Hadalifeonce · 01/08/2019 14:32

dB won't come here, I am nearly 3 hours away, he needs to be close to his hobby.
I will have a look at the elderly relatives thread.
Just find the whole situation so exhausting, distance doesn't help.

OP posts:
Puzzledandpissedoff · 01/08/2019 15:50

It will a horrid time when DM dies, as (DB) will have to move ... DSis and I will have to deal with him being bereaved and kicked out of his home at the same time

I've only just seen your thread and am picking this up from your earlier posts, but it's surely the crux of just how unpleasant your "D"M's being. DB will suffer a double trauma by losing her and his home, and all she can think of is herself Angry

I doubt there's an answer to be found while they're still living in the same house, and I believe you're doing the right thing in asking SS to interview DB away from your DM ... but have you approached Age Concern for advice over this, or even a mental health organisation on your DB's behalf?

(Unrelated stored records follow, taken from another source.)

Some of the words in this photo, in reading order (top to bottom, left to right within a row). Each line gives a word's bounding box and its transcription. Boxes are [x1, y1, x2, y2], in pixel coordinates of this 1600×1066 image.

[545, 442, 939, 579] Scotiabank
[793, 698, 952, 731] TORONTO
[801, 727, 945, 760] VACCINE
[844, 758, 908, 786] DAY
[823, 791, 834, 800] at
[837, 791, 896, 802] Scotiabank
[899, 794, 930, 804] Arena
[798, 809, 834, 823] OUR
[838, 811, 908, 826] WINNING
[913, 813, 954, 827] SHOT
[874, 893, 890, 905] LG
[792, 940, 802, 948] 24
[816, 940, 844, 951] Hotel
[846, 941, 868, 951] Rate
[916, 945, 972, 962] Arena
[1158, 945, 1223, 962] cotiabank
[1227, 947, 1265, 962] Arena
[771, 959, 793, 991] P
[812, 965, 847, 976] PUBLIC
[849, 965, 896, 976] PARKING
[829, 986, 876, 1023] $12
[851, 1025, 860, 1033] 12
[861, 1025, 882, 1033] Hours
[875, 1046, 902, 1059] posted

None of it's likely to be unknown territory to any of them, and IME they're often very good at guiding you through it and approaching the right people

Worth a try perhaps?

Hadalifeonce · 01/08/2019 18:14

I will talk to age concern to see if they have anything to offer. Unfortunately, because DB has special needs it's not straightforward. I am still hoping SS will come up with some accommodation for him to look at. He can't imagine living anywhere else, and SS can't seem to grasp that. After all, who would be happy to be told that they are moving and be given no information?

OP posts:
IamtheDevilsAvocado · 01/08/2019 18:37

Social services should invoke the vulnerable adults procedures....

You and your sister also need to investigate becoming an attorney for your brother if he has thr level of LD that he appears to have. So you can make decisions i his best interests. It all needs to be around his best interests. 8 would suspect given the powerful controlling relationship he probably won't have capacity to make this decision. (in that he's emotionally abused and his LD means that hes unable to take thr right evidence into account wheb assessing his options. All he's thinking is my mum has told me to do x... He's not able to conceptualise what an alternative, better lifestyle will look like

Puzzledandpissedoff · 01/08/2019 19:16

who would be happy to be told that they are moving and be given no information?

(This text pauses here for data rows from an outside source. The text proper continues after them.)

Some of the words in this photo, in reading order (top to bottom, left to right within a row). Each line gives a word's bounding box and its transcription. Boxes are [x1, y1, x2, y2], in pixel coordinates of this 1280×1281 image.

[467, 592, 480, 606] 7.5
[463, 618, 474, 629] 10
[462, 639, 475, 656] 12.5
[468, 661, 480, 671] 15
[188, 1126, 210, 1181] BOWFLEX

Absolutely ... but IME (having a disabled lad of my own) these kind of moves work best where support and encouragement's coming from all directions. Unfortunately, your DM's abuse is cancelling out what you're doing to help DB, which is why I agree with keeping the focus on him rather than SS treating him as some kind of spin-off of his mother

And I hate to say it, but remembering he's not actually planning to move yet, I suspect you haven't seen half of what she'll come out with when and if he does

User7429001 · 01/08/2019 20:35

Has your brother had a capacity assessment? If he has capacity there may be little you or professionals can do at this time. If he doesn't have capacity some best interest decision might be able to be made for him. I understand that removing him from the home would be awful for him but in reality he is getting nothing from is current situation.It might also be better for him in the long run to bite the bullet now rather than waiting for the inevitable decline/death of your mother
Flowers best of luck the situation sounds very stressful. I hope DSIS has recovered from her hospital stay x

Hadalifeonce · 02/08/2019 06:34

Thank you to everyone who is offering advice and support. In a way, it would be easier if he had less capacity.
Our priority is trying to convince him to agree to look at somewhere else to live. If we can remove him, we will then get DM the professional support she needs but refuses.